Douglas Garland triple-murder trial hears of bloody handprint on closet door
Meghan Grant | CBC News | Posted: February 8, 2017 7:14 PM | Last Updated: February 9, 2017
WARNING: This story contains graphic details that may be disturbing to some readers
At knee-level on a closet door, a small bloody handprint was left behind in what appears to have been a violent struggle to get a five-year-old boy and his grandparents out of their home. DNA from the blood matched that of Nathan O'Brien, 5, and his grandmother Kathy Liknes.
Douglas Garland, 57, is being tried on three counts of first-degree murder in the deaths of the boy and his grandparents Alvin and Kathy Liknes in June 2014.
The five-year-old had been left at the home in southwest Calgary for a sleepover on June 29, 2014. When his mother arrived the next morning, all three were gone and the house was splattered with blood.

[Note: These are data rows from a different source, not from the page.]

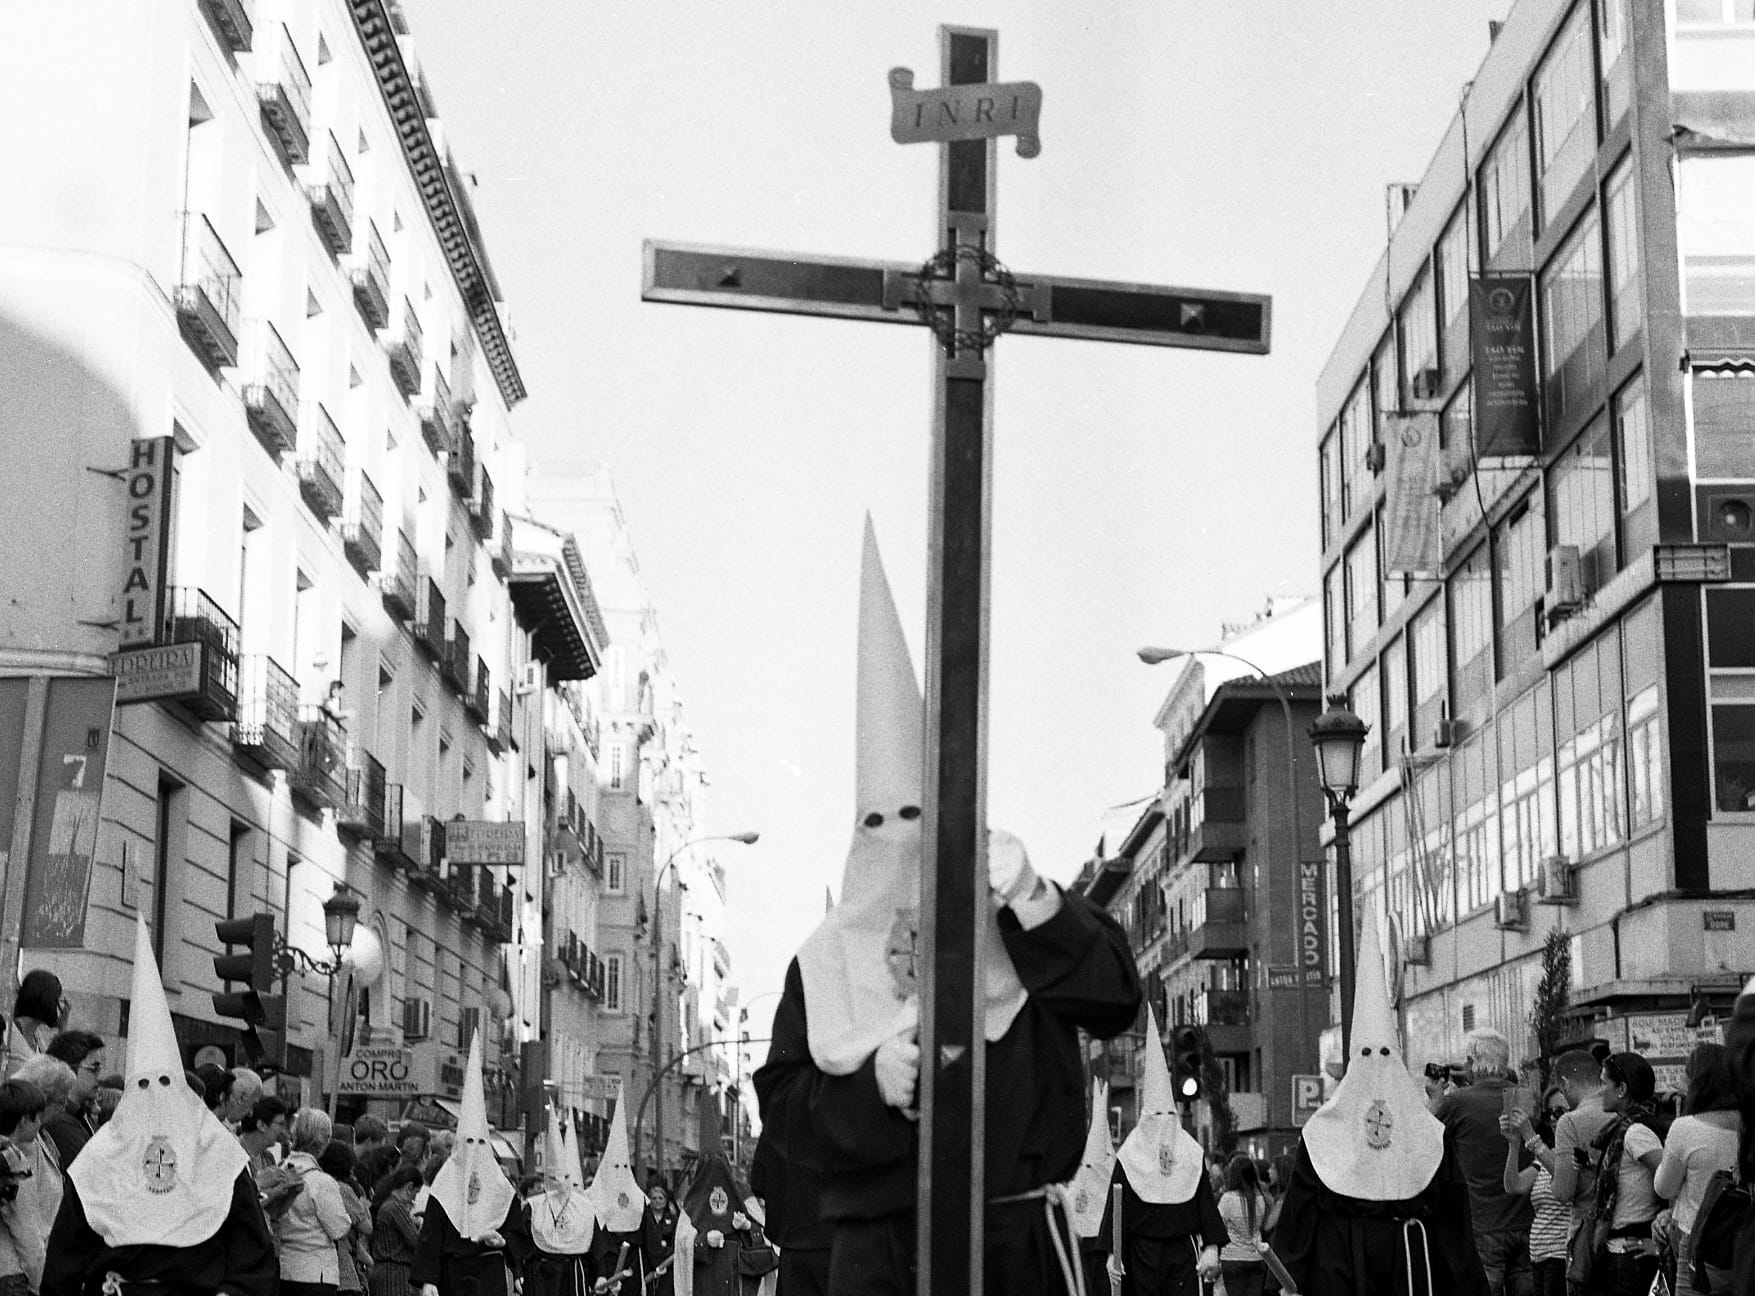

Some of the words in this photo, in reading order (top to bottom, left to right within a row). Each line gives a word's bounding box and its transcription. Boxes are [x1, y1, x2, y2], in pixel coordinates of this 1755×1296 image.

[914, 95, 1019, 128] INRI
[123, 442, 154, 624] HOSTAL
[63, 753, 87, 788] 7
[1300, 863, 1319, 966] MERCADO
[355, 1049, 402, 1059] COMPRO
[350, 1060, 408, 1081] ORO
[339, 1081, 376, 1091] ANTON
[379, 1081, 418, 1092] MARTIN
[1298, 1079, 1320, 1109] P
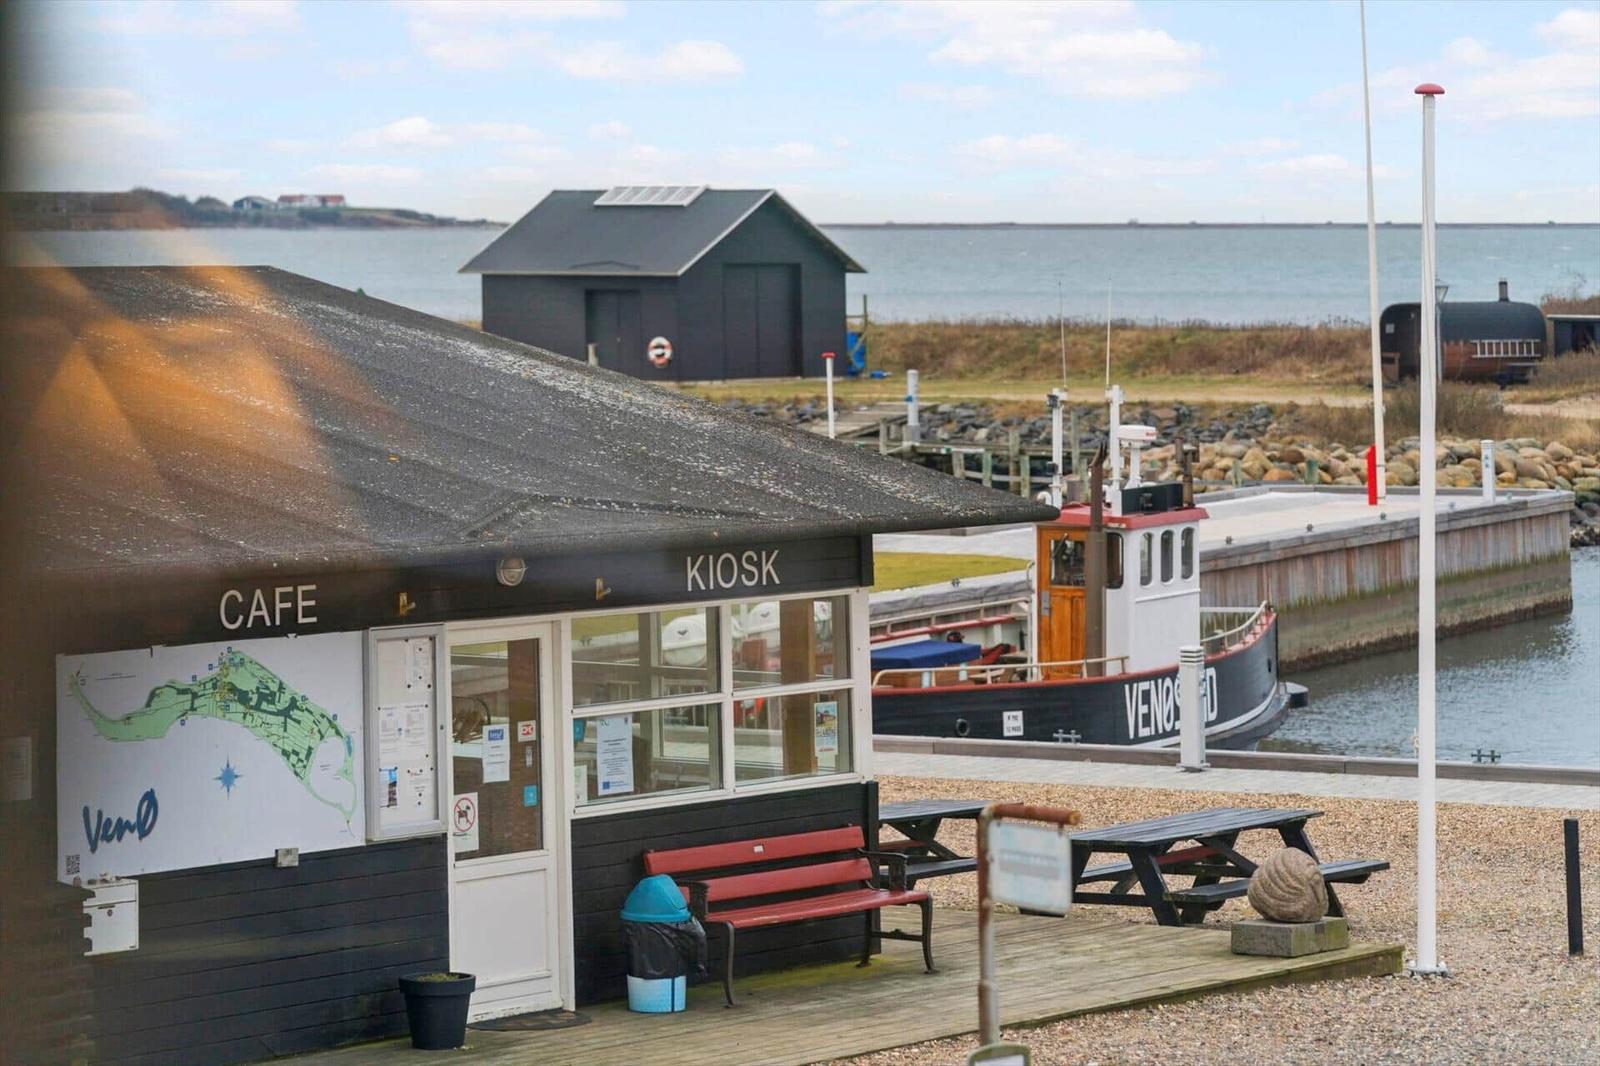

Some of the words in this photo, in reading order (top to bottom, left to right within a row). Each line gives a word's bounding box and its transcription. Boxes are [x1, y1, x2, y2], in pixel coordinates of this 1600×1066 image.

[687, 549, 780, 592] KIOSK
[220, 584, 317, 630] CAFE
[1124, 667, 1218, 739] VENØD
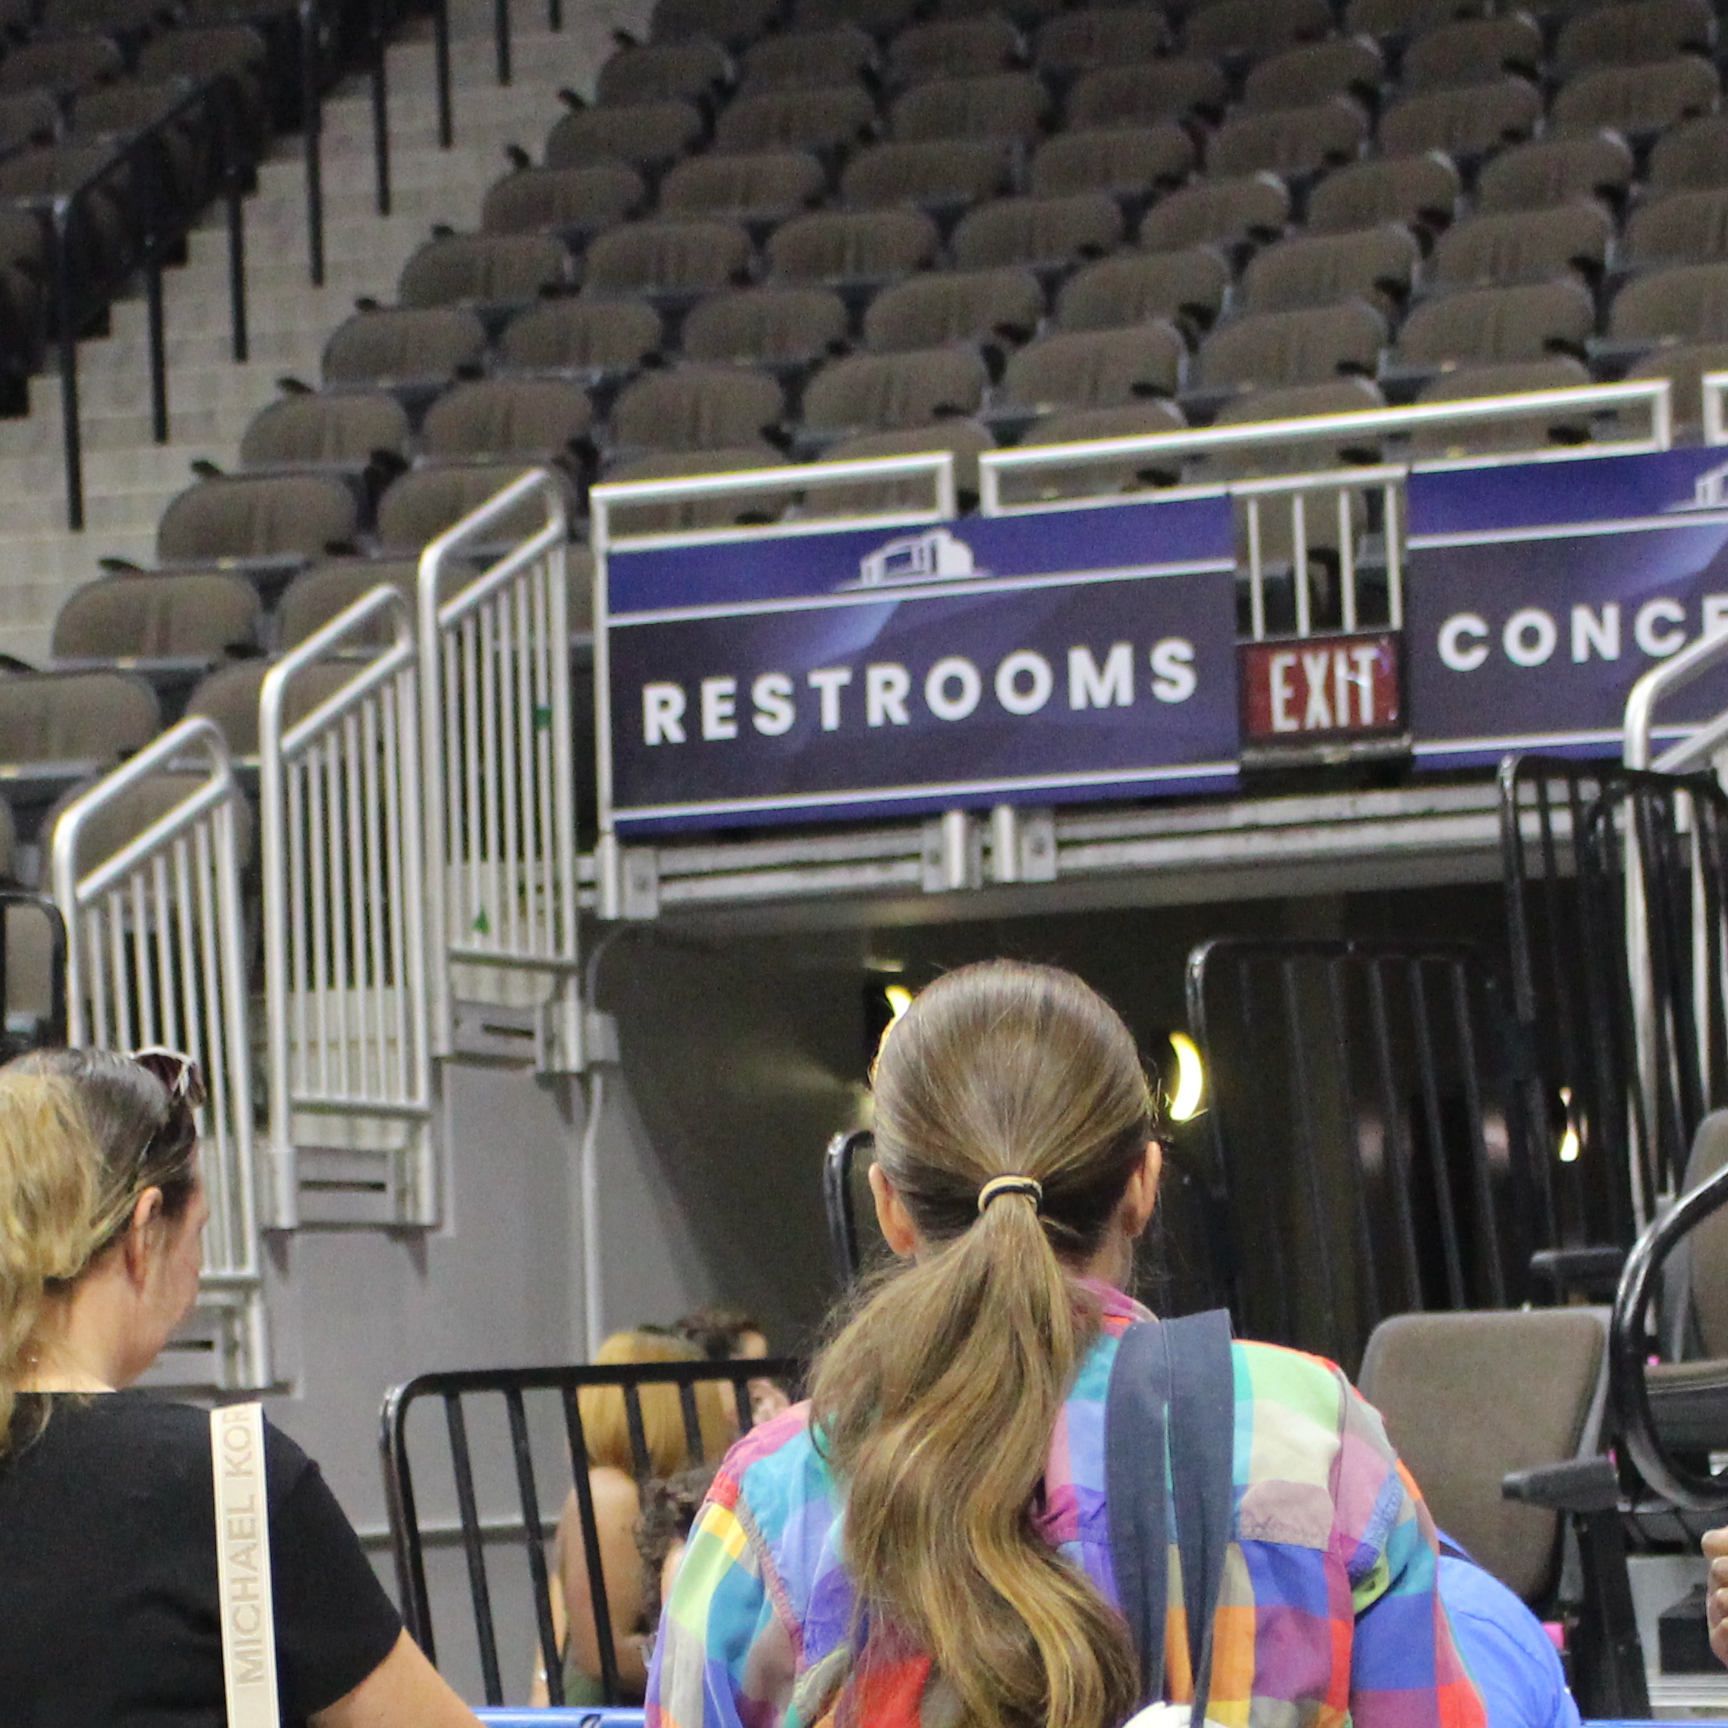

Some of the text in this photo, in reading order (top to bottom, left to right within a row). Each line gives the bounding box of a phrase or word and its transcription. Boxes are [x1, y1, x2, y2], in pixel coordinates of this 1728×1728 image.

The bloody handprint had swiped downward when it came into contact with the closet door, according to Sgt. Jody Arns, a blood pattern expert with the Calgary Police Service who testified on Wednesday.
In several areas of the home, DNA from Nathan and Kathy was found mixed together. When Jennifer O'Brien left her son at her parents' home, the grandmother and grandson were sleeping in the same bed together.
Both Alvin and Kathy were dragged through parts of the house, Arns said.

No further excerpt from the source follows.